• **Exercise prompt**
Please reproduce all entries word for word and omit their pictures.

• **Task data**

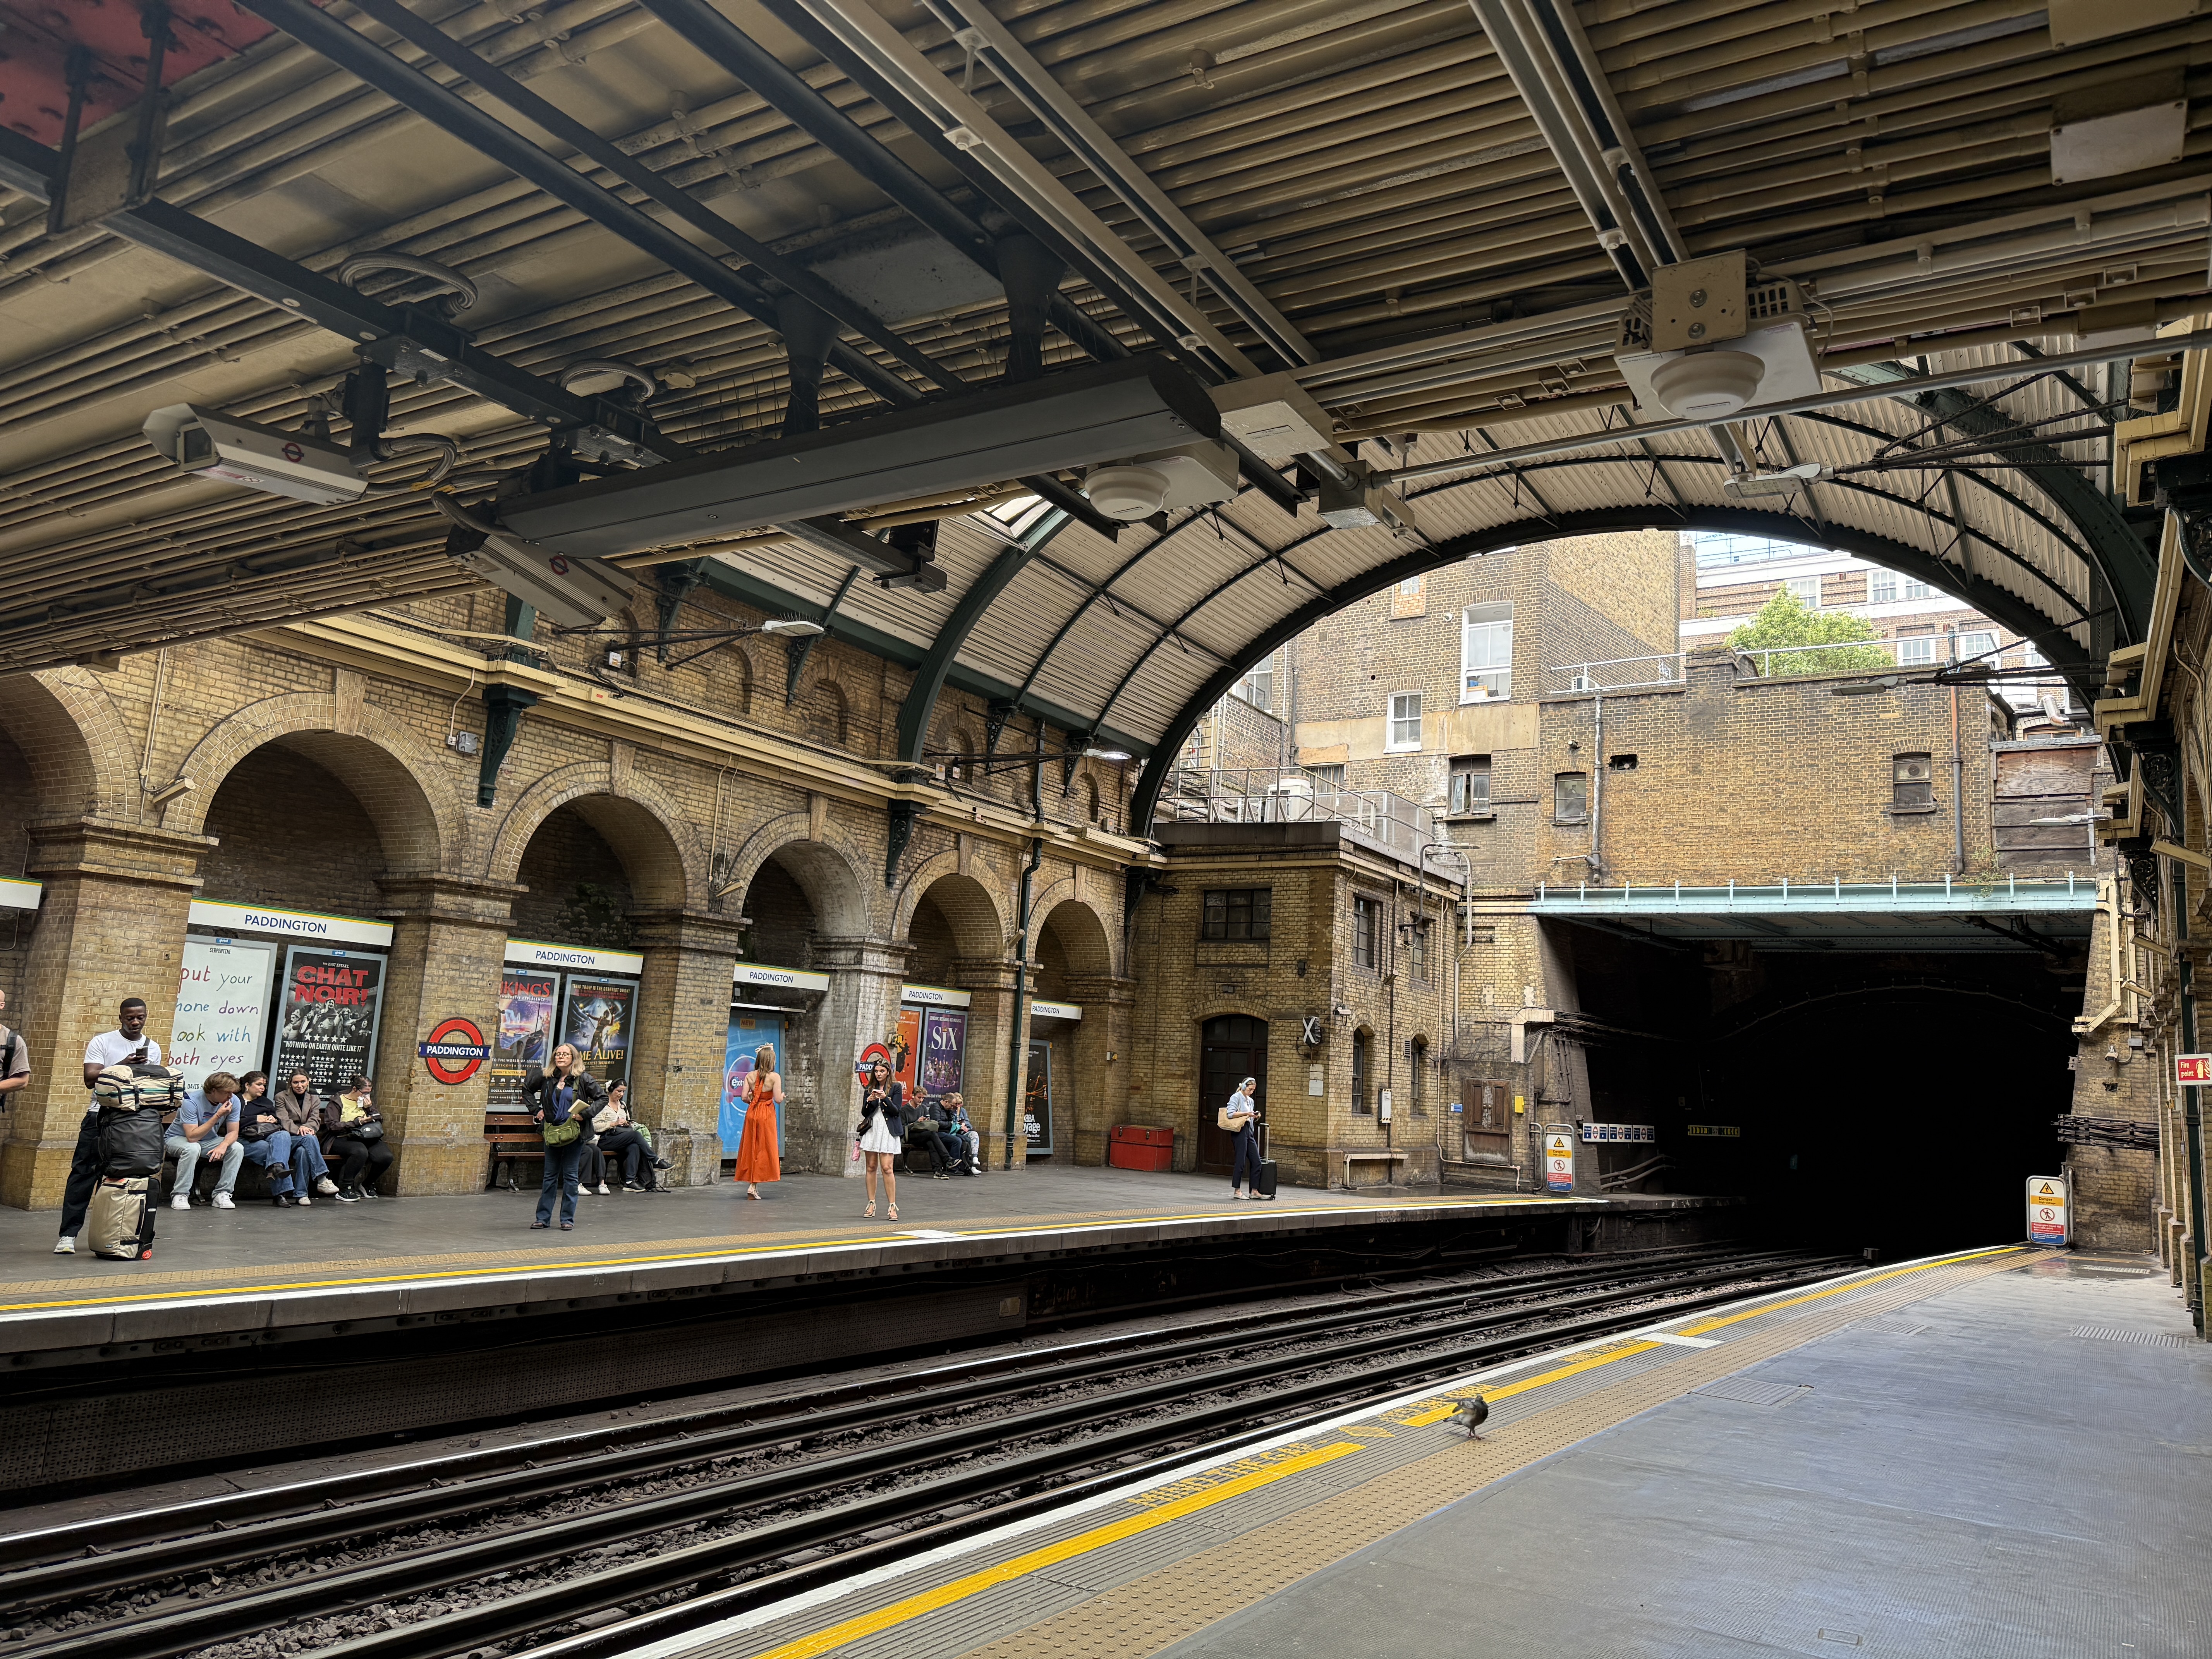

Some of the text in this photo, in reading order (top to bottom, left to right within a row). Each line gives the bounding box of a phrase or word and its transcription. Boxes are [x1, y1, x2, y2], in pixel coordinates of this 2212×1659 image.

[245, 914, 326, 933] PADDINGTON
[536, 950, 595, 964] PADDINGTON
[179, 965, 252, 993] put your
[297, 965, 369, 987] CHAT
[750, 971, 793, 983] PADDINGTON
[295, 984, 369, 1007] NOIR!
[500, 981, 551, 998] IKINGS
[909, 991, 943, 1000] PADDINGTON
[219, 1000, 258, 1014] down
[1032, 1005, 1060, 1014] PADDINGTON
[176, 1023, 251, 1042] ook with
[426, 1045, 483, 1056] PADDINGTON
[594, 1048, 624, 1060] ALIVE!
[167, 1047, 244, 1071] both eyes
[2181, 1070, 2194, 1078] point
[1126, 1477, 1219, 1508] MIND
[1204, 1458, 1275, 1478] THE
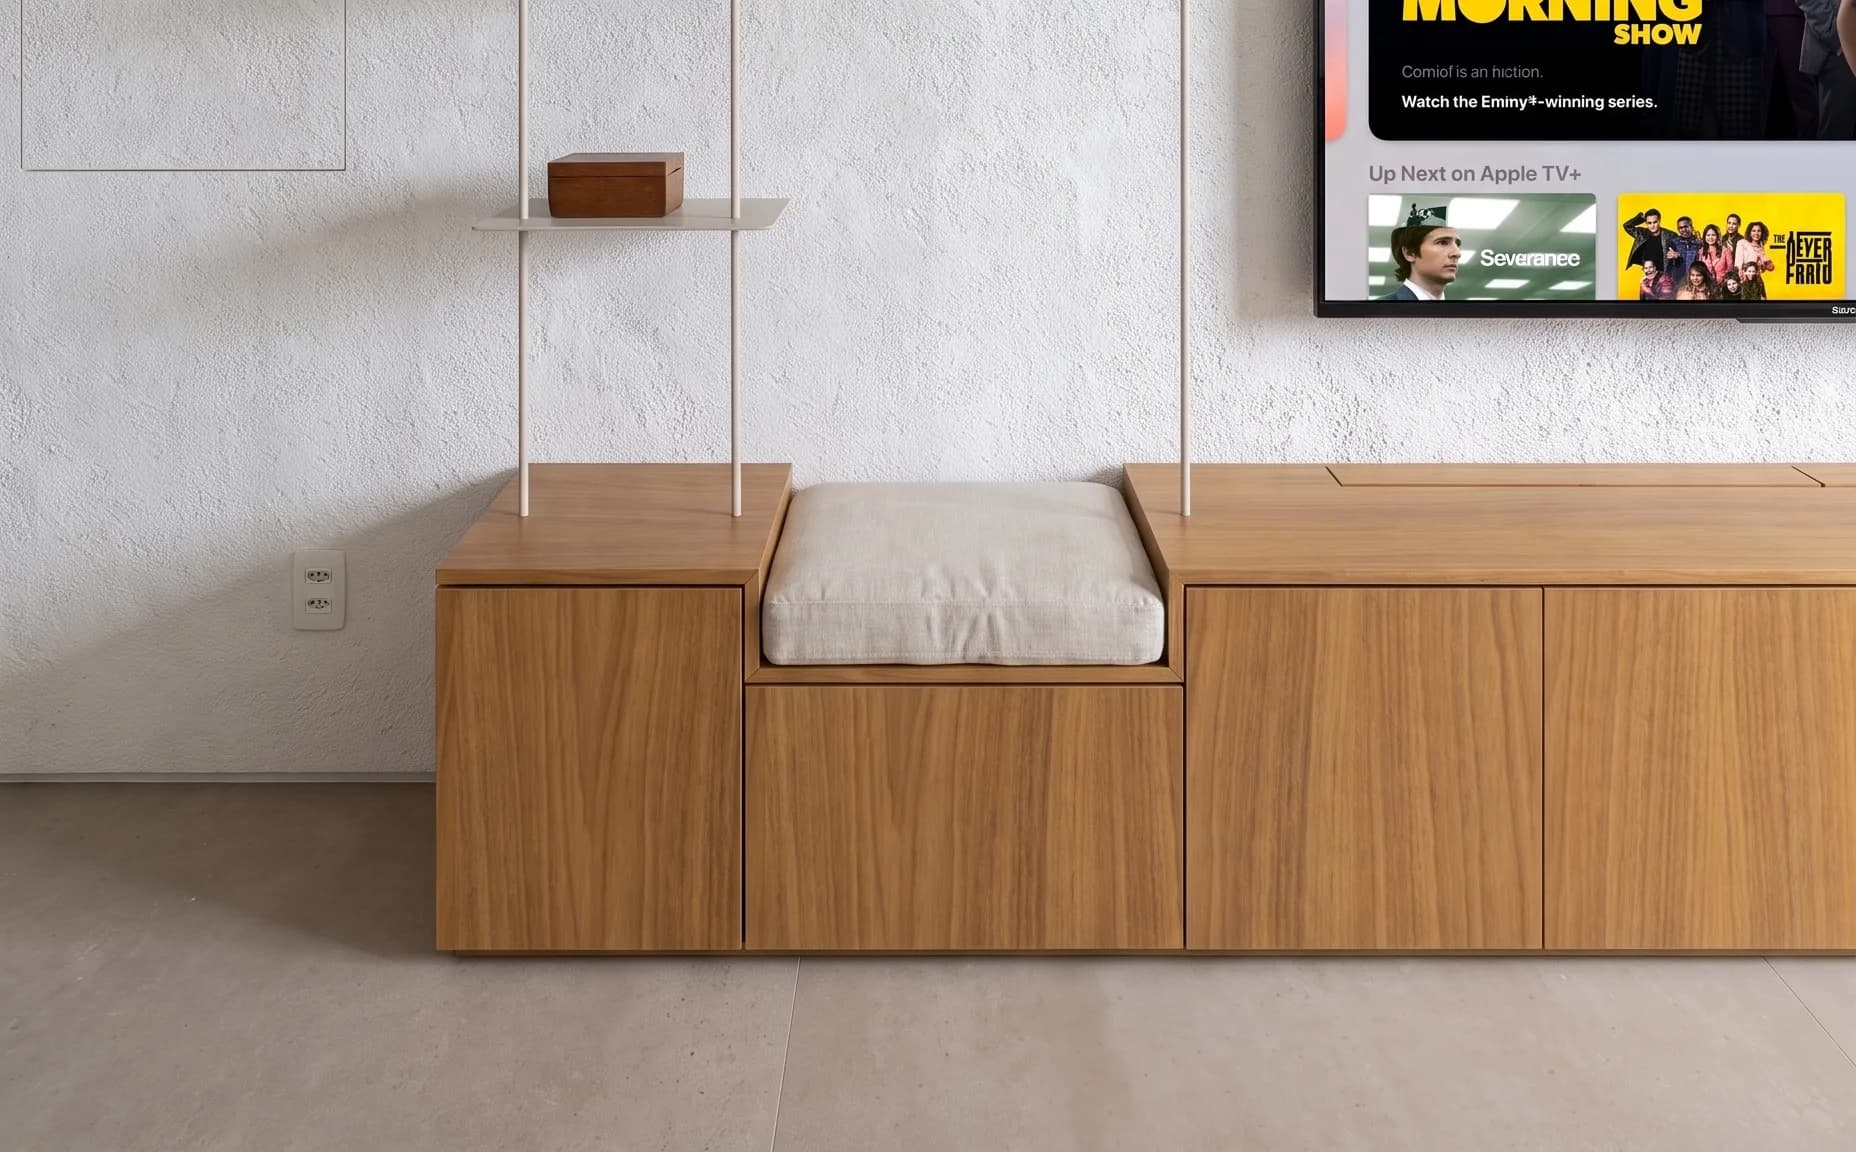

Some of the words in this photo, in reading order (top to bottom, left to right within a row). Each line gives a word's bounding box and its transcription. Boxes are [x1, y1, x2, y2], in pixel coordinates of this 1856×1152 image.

• **Reply to the exercise**
Some of the text in this photo, in reading order (top to bottom, left to right within a row). Each line gives the bounding box of a phrase or word and its transcription. Boxes are [x1, y1, x2, y2], in pixel coordinates of this 2212×1659 image.

[245, 914, 326, 933] PADDINGTON
[536, 950, 595, 964] PADDINGTON
[179, 965, 252, 993] put your
[297, 965, 369, 987] CHAT
[750, 971, 793, 983] PADDINGTON
[295, 984, 369, 1007] NOIR!
[500, 981, 551, 998] IKINGS
[909, 991, 943, 1000] PADDINGTON
[219, 1000, 258, 1014] down
[1032, 1005, 1060, 1014] PADDINGTON
[176, 1023, 251, 1042] ook with
[426, 1045, 483, 1056] PADDINGTON
[594, 1048, 624, 1060] ALIVE!
[167, 1047, 244, 1071] both eyes
[2181, 1070, 2194, 1078] point
[1126, 1477, 1219, 1508] MIND
[1204, 1458, 1275, 1478] THE

Some of the words in this photo, in reading order (top to bottom, left to right within a row). Each line gives a word's bounding box and its transcription. Boxes are [x1, y1, x2, y2], in pixel coordinates of this 1856×1152 image.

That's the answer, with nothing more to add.